7.10 Payment of Commission will be made through our Affiliate Wallet. Due to existing regulations, Affiliates may be required to comply with our measures for identity verification and “Know Your Customer” (KYC) and/or Know Your Business (‘KYB’) documentation before a withdrawal can be accessed.

8. Payment

8.1 All Affiliate Payments shall be made in Euros (€). For the avoidance of doubt, we shall not be liable for any currency conversion charges or for any charges associated with transferring funds to your selected Payment Method.

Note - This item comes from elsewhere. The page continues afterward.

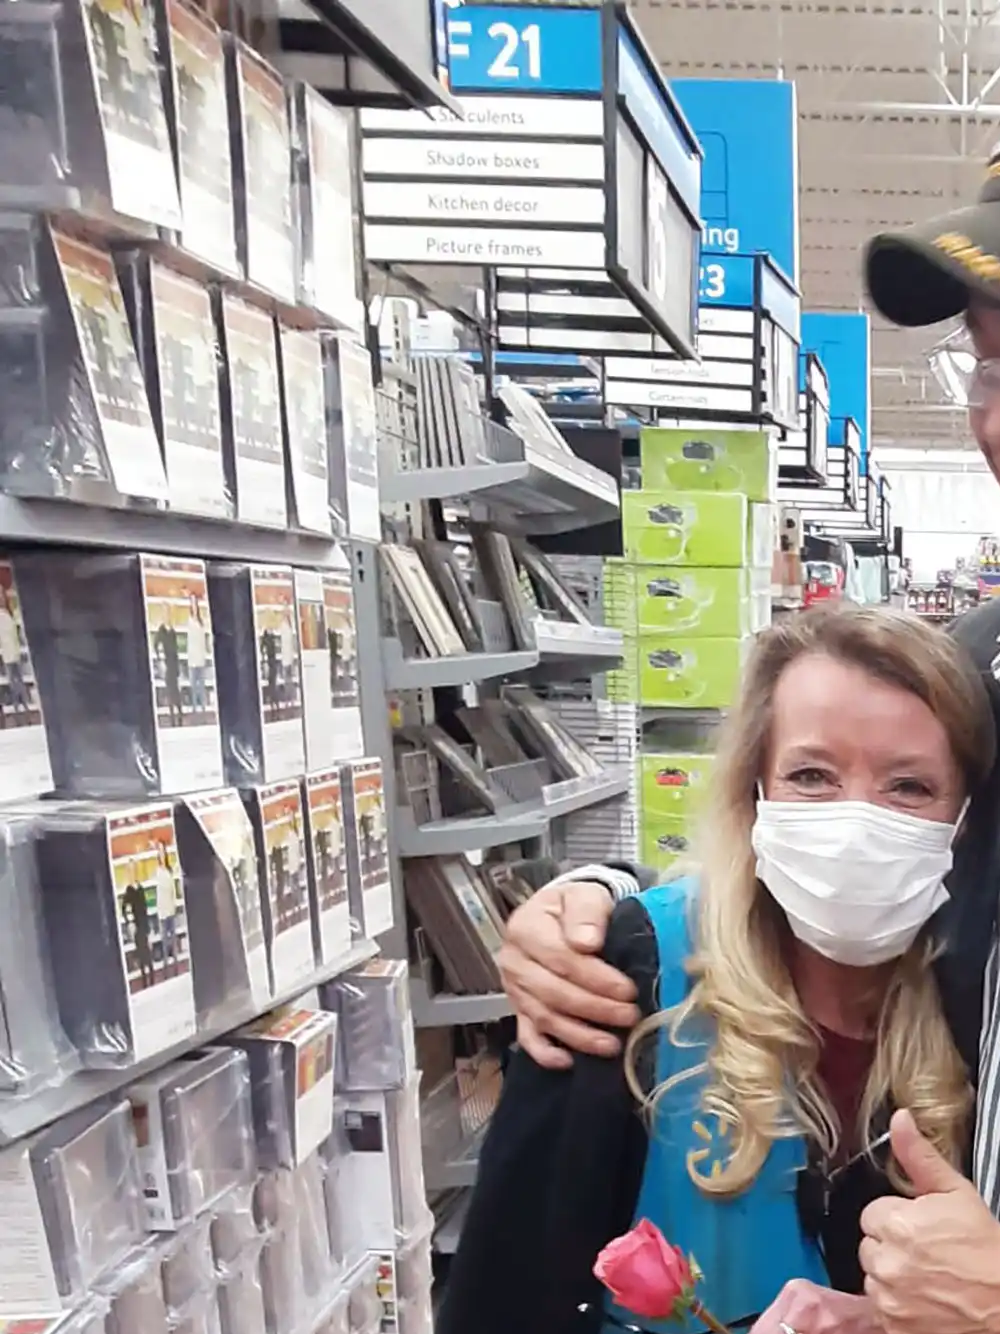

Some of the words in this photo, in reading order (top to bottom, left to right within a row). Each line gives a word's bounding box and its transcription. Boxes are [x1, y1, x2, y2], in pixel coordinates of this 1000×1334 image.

8.2 We shall make available to you, through the Affiliate Program Site, a record of the number of Customers, the Commission, the Sub-Affiliate Fee, and any Additional Payments generated in the relevant calendar month. Payment will be made in the following month. In order to ensure accurate tracking, reporting and calculation of Customers and Commission, the Marketing Materials, including Tracking Links, must be properly implemented and formatted.

8.3 If the total Affiliate Payments due to you in any calendar month is less than one hundred Euros (€100), the balance will be carried forward to the next month until the cumulative amount reaches or exceeds €100.

8.4 Unless otherwise agreed in an IO, and subject to your compliance with this Agreement, the Commission and Sub-Affiliate Fee shall be paid monthly in arrears, following receipt of a valid invoice from you for the relevant calendar month. The Listing Fee shall be payable, subject to receipt of a valid invoice, following execution of the relevant IO or the coming into force of a Negotiated Plan, as applicable. The Fixed Fee shall be payable monthly in arrears, subject to receipt of a valid invoice. We shall settle any undisputed invoice within twenty (20) days of receipt.

8.5 Payments will be made to the Payment Method specified in your Application Form (“Payment Method”). If payment cannot be processed due to incorrect or incomplete details provided by you, or if payment is made to the wrong account as a result of such details, we shall have no liability in respect of such non-payment.

8.6 Where payment cannot be processed due to incorrect or incomplete Payment Method details, we may deduct from your Affiliate Payments a reasonable amount reflecting the cost of any investigation and administrative work carried out. For the avoidance of doubt, we are under no obligation to perform such investigation or administrative work.

8.7 If for six (6) consecutive calendar months we are unable to transfer Affiliate Payments to you due to incorrect or incomplete Payment Method details, or for any other reason beyond our reasonable control, we may retain such Affiliate Payments and shall have no further liability to you in respect thereof.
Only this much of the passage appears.